Quanto a esse aspecto, Flávia encontra uma maneira muito peculiar de mostrar personagens – em diversos contos – atuando como engenheiros do próprio corpo. Ou como piratas, escondendo tesouros não percebidos como tais?
Vivem como pessoas comuns, sem qualquer protuberância ou aparente normalidade, porém, quase sempre, com certo grau de inconsciência, desenvolvem o poder de criar, em seus próprios corpos, compartimentos; pequenos (um furúnculo) ou grandes (uma barriga concentrando toda a liquidez de alguém que se mostra seca. Também criam engrenagens, mecanismos capazes de garantir uma eficiência duradoura que resiste à idade e à degradação natural do tempo... Ou simplesmente têm o poder de pintar, com uma poesia silenciosa, a realidade, inclusive a própria identidade, de acordo com seus desejos, assegurando paz e beleza àquilo que seria apenas inferno e feiúra.
Trata-se de uma leitura que suscita prazer, curiosidade e grande empatia, pois é impossível não enxergar - em cada um das dezenas de personagens de Flávia – a nós mesmos em nossos mecanismos de fuga diários, ou, no mínimo, enxergamos pessoas com as quais convivemos. Certamente por isso ela registre nas páginas iniciais do livro: “As estórias desse livro, inventadas, são todas de verdade. Porque essa vida, que a gente insiste em chamar de real, essa, sim, é ficção.”
Por tudo isso é que, se tivesse que optar novamente por uma leitura para inaugurar 2017, optaria por SEM AÇÚCAR, livro com o qual Flávia Helena estreia na ficção. E estreia tão bem-sucedida nos deixa ainda mais animados, porque certamente virão muitos outros com personagens quase de carne e osso, enriquecidos com a poesia a muitos de nós invisível no dia a dia. Personagens que não jogam nada em nossas caras, mas mostram com suavidade o quanto sofrer faz parte da vida, pois, como afirmado por Mia Couto, e também registrado nas páginas iniciais do livro, “(...) a felicidade só cabe no vazio de uma mão fechada.”

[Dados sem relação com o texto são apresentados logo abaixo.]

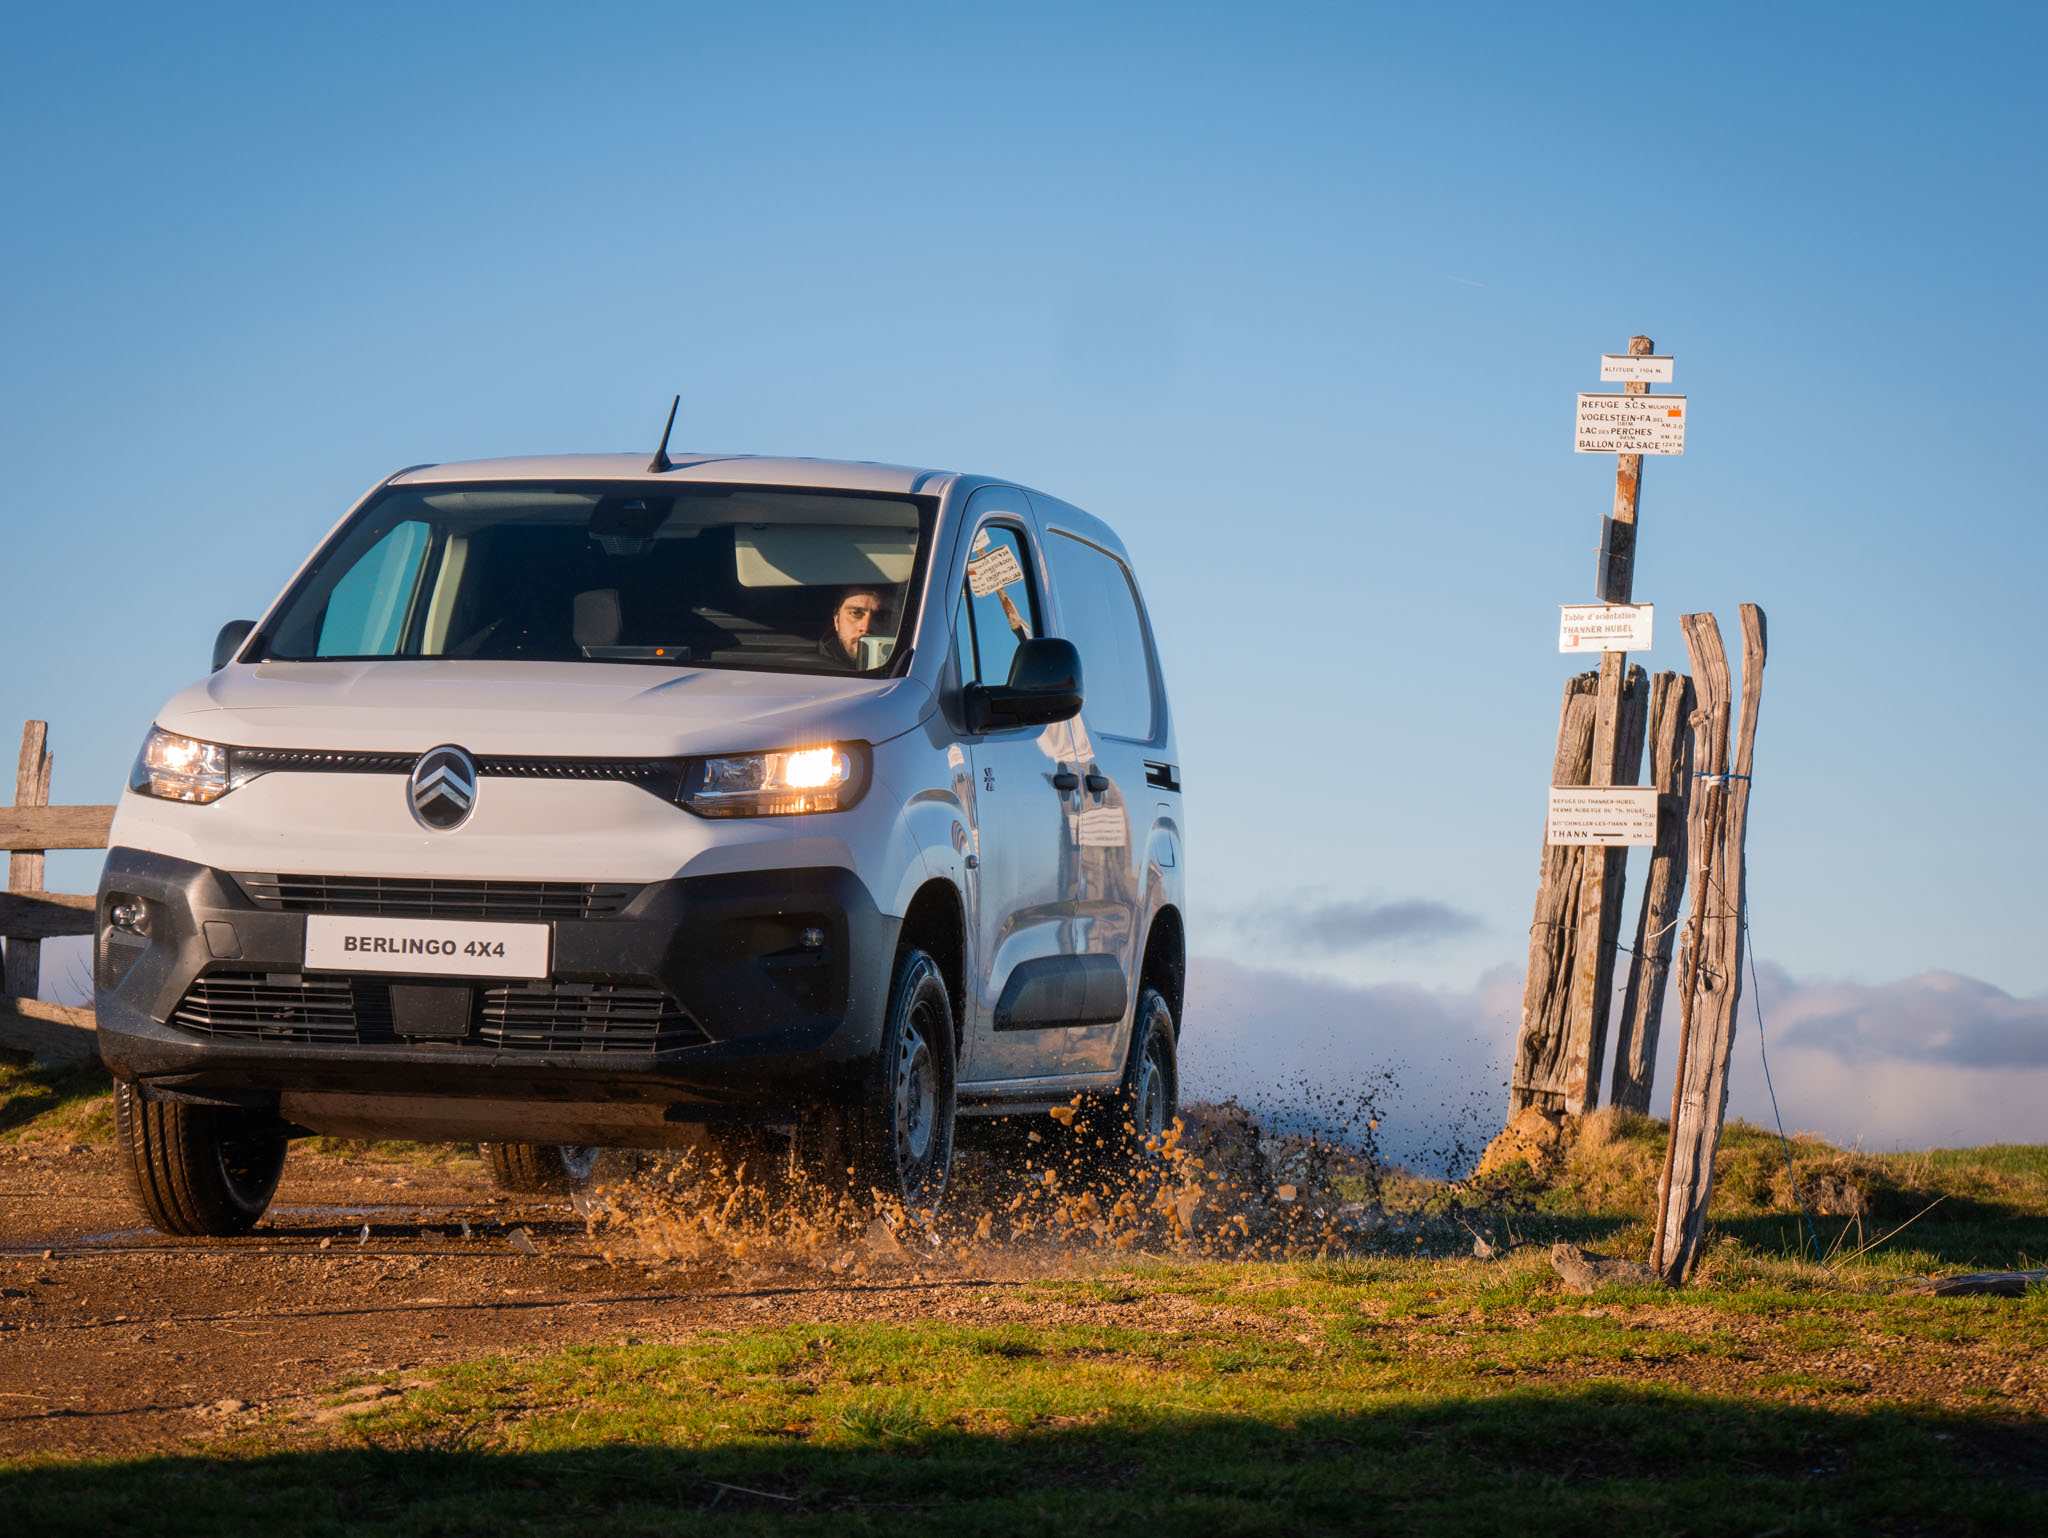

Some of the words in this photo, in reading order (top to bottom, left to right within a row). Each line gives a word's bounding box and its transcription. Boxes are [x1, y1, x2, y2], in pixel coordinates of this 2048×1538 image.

[1581, 401, 1620, 409] REFUGE
[1610, 428, 1652, 436] PERCHES
[1579, 440, 1614, 448] BALLON
[1563, 625, 1602, 634] THANNER
[1605, 624, 1633, 633] HUBEL
[1552, 830, 1588, 838] THANN
[344, 936, 457, 955] BERLINGO
[464, 941, 505, 957] 4X4
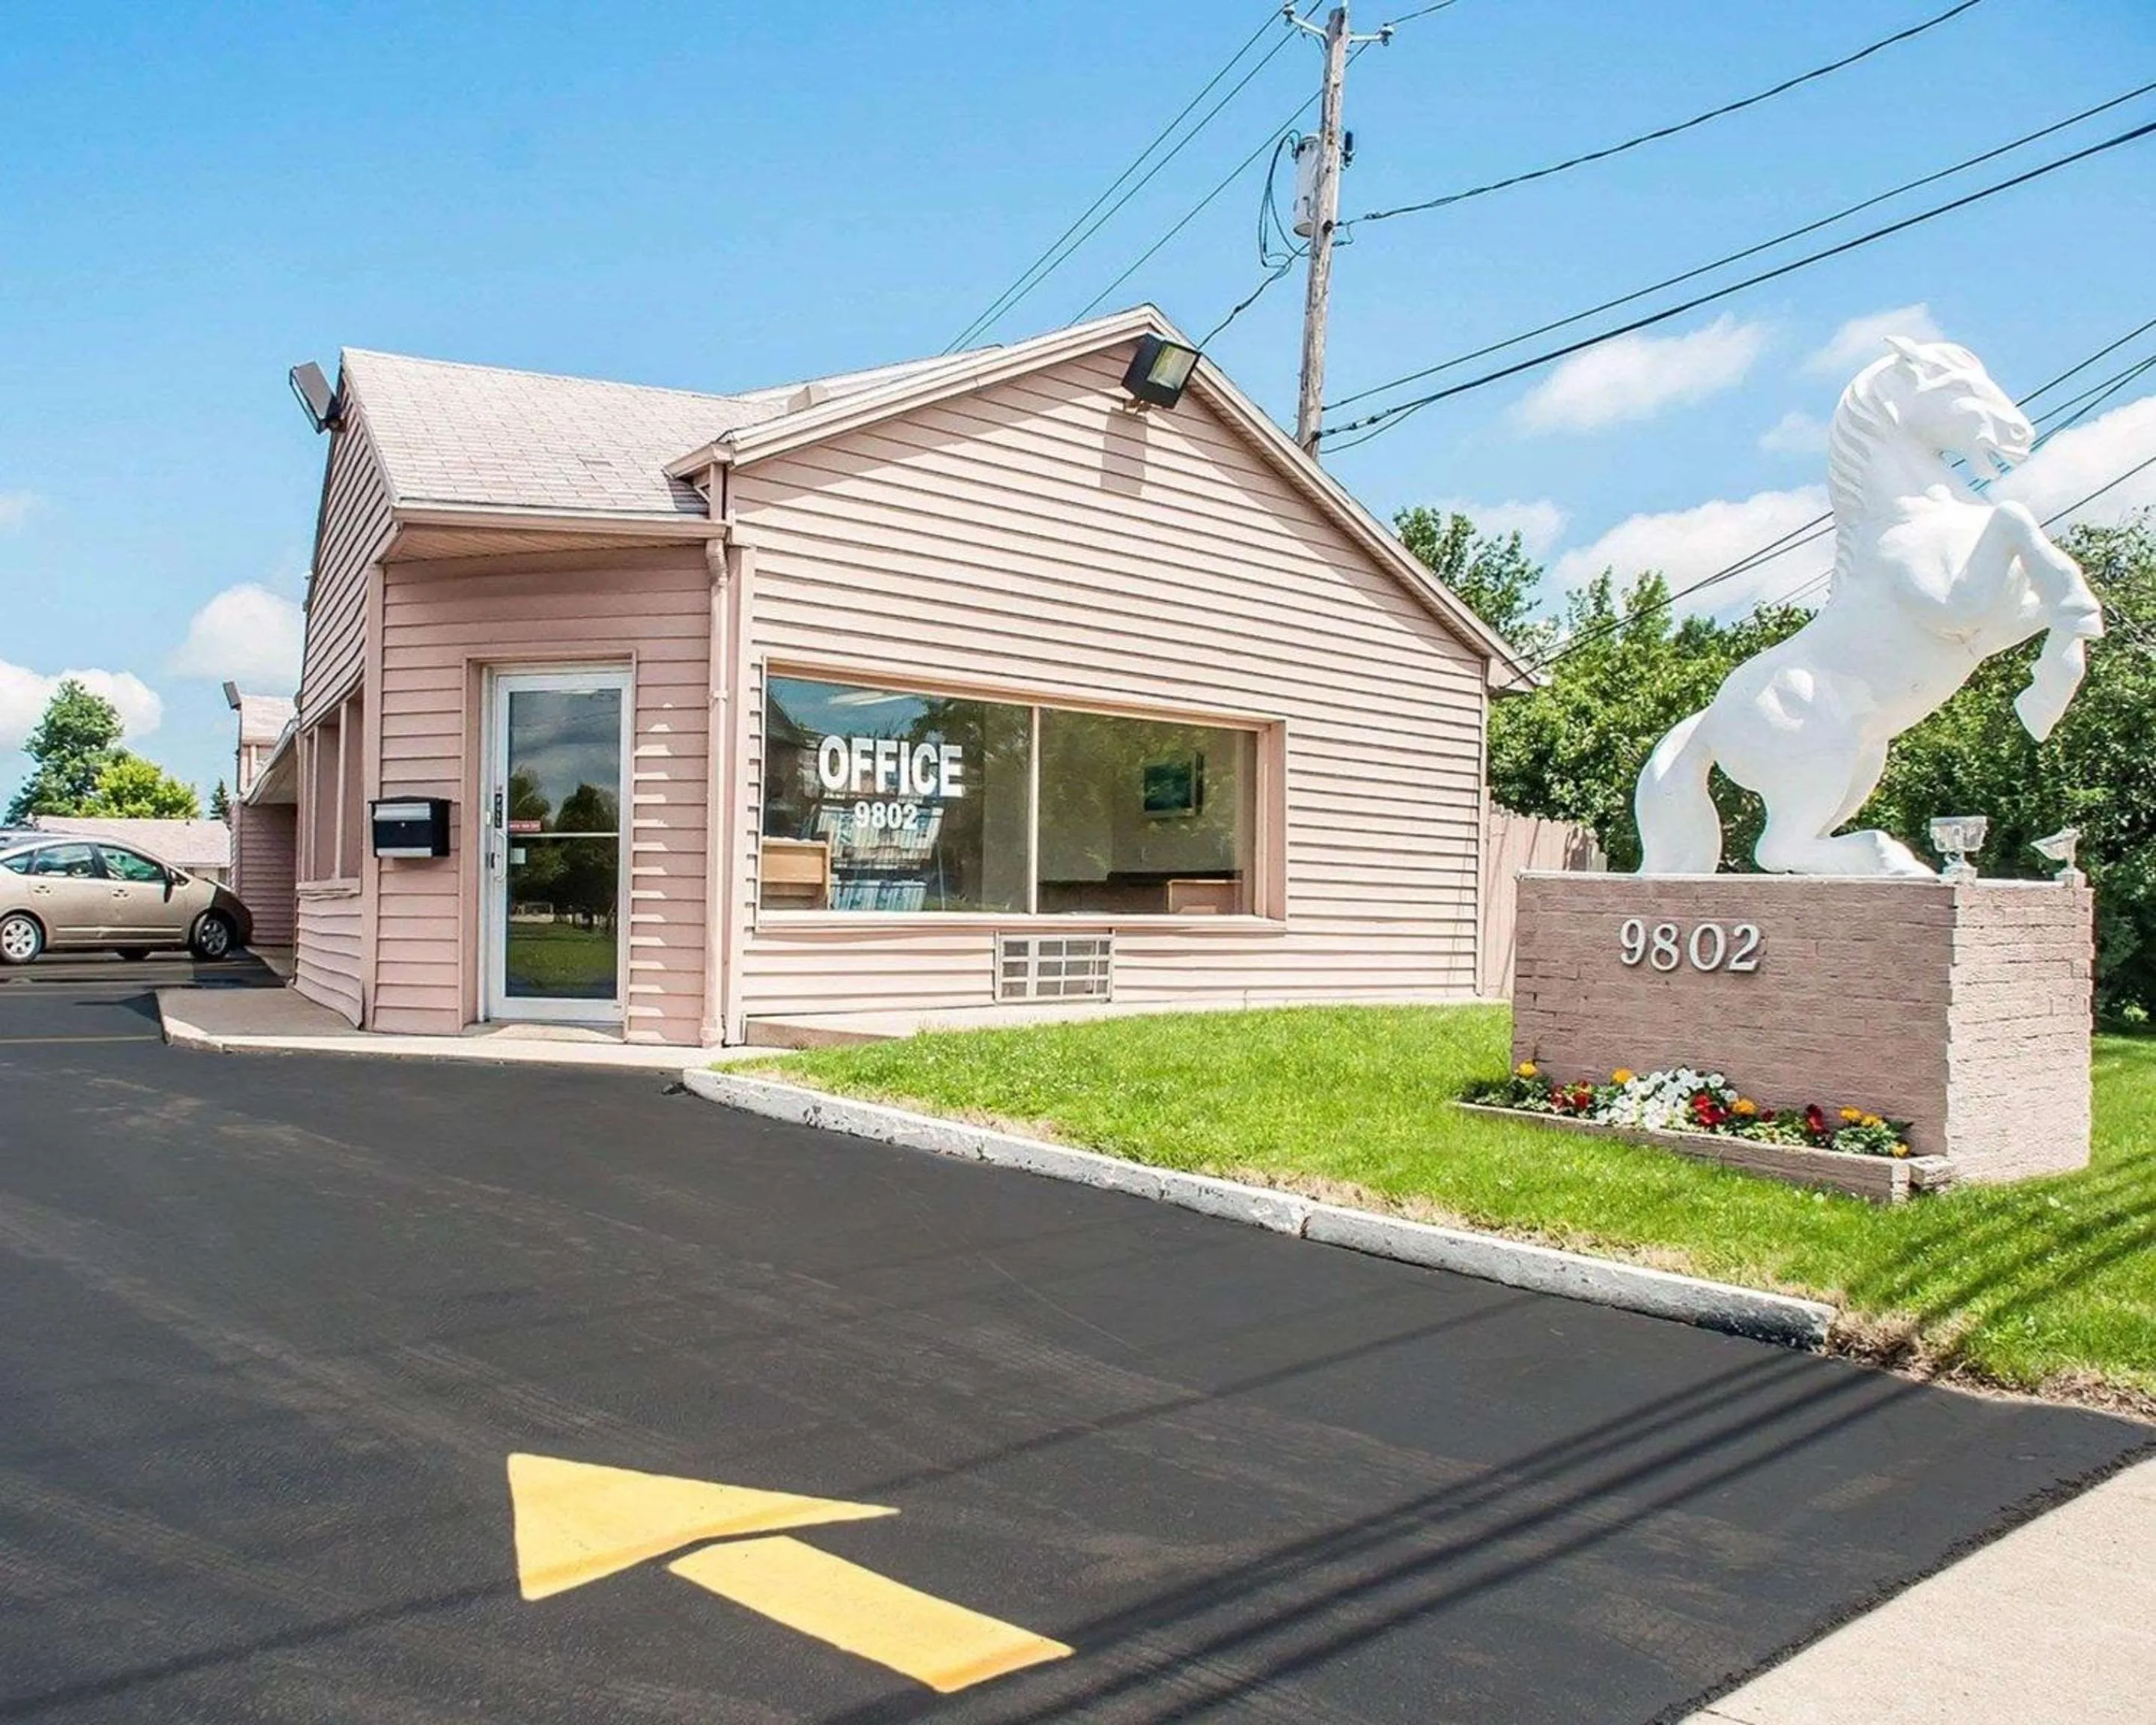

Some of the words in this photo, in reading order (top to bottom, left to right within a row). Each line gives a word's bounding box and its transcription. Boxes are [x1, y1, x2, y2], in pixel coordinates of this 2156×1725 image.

[819, 734, 963, 797] OFFICE
[854, 801, 918, 830] 9802
[1620, 919, 1760, 971] 9802
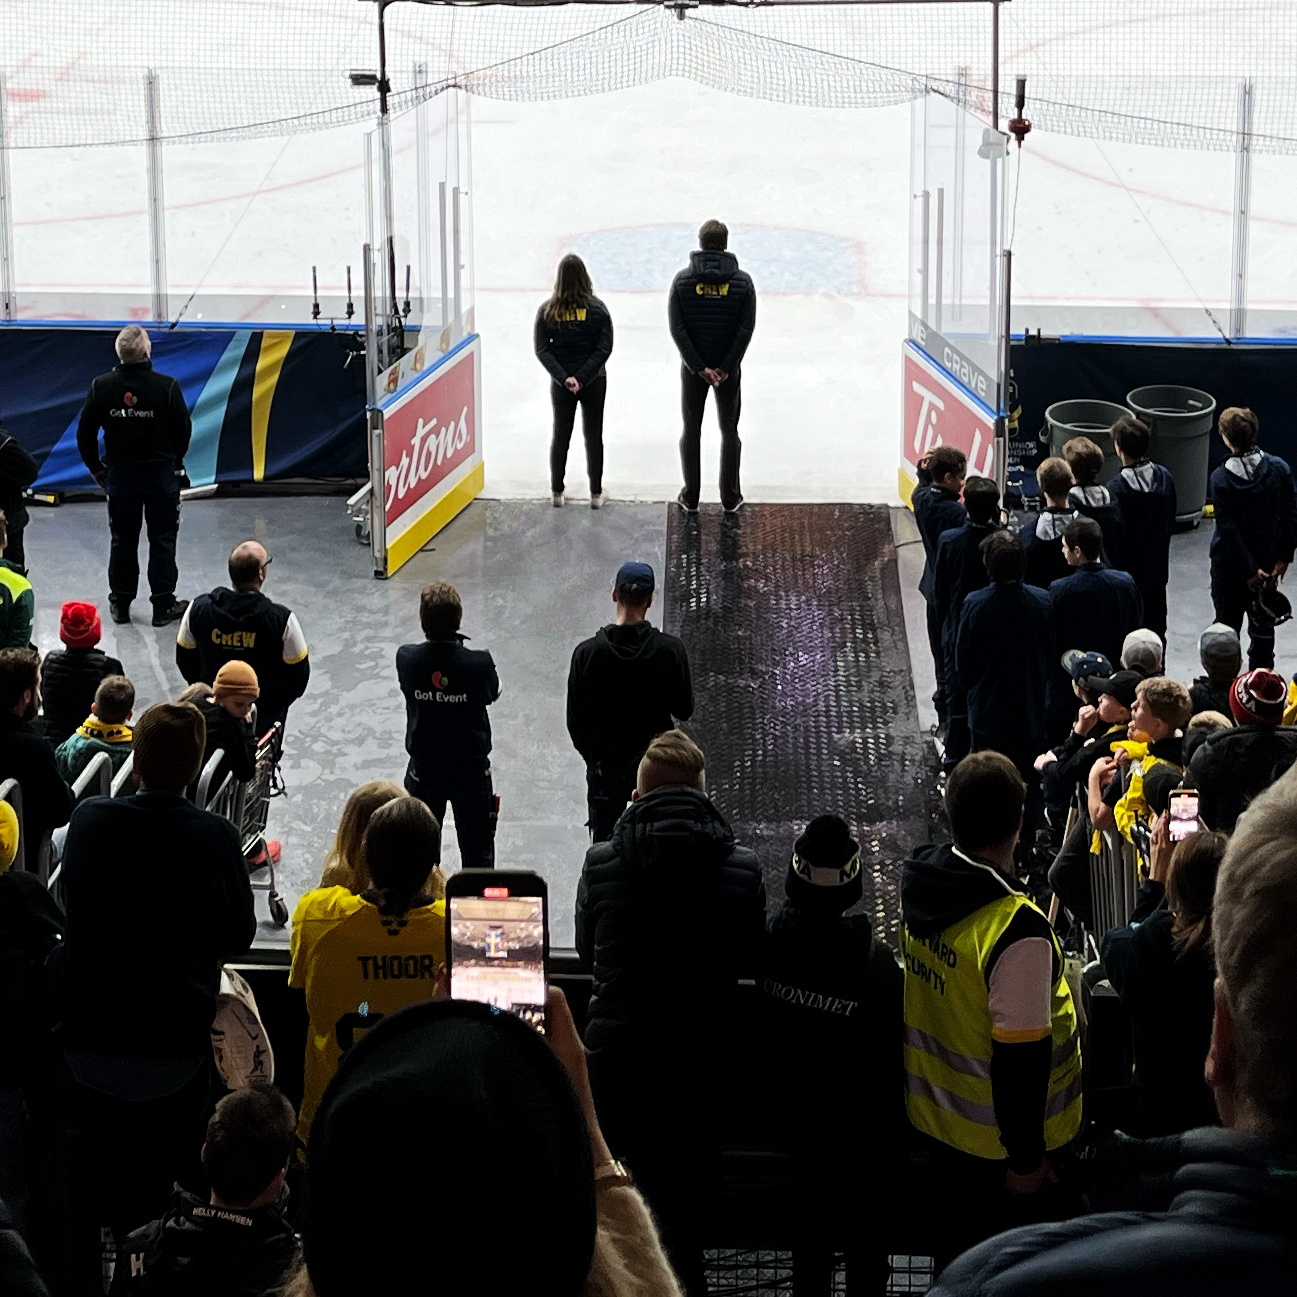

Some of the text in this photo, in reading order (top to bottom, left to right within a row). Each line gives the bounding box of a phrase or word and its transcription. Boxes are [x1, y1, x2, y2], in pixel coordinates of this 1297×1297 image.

[695, 283, 730, 297] CREW
[127, 408, 155, 418] Event
[211, 628, 256, 648] CREW
[414, 689, 468, 704] Got Event
[763, 978, 859, 1017] CRONIMET
[192, 1207, 254, 1227] HELLY HANSEN

Essa perspectiva pessimista pode de fato corresponder à realidade. Mas SEM AÇÚCARnos mostra o quanto é possível ampliar as possibilidades de felicidade, nem que para isso tenhamos que nos reinventar a cada dia, murando ou desmurando corações. Por fim, só me resta dizer "Sem açúcar" sim!, e registrar o orgulho de estar em Atibaia, cidade de Flávia Helena, Vivian de Moraes, Juliana Gobbe, Irma Vazques, Marco Aqueiva, Tim Marvim, João Martino e outros escritores tão queridos e importantes.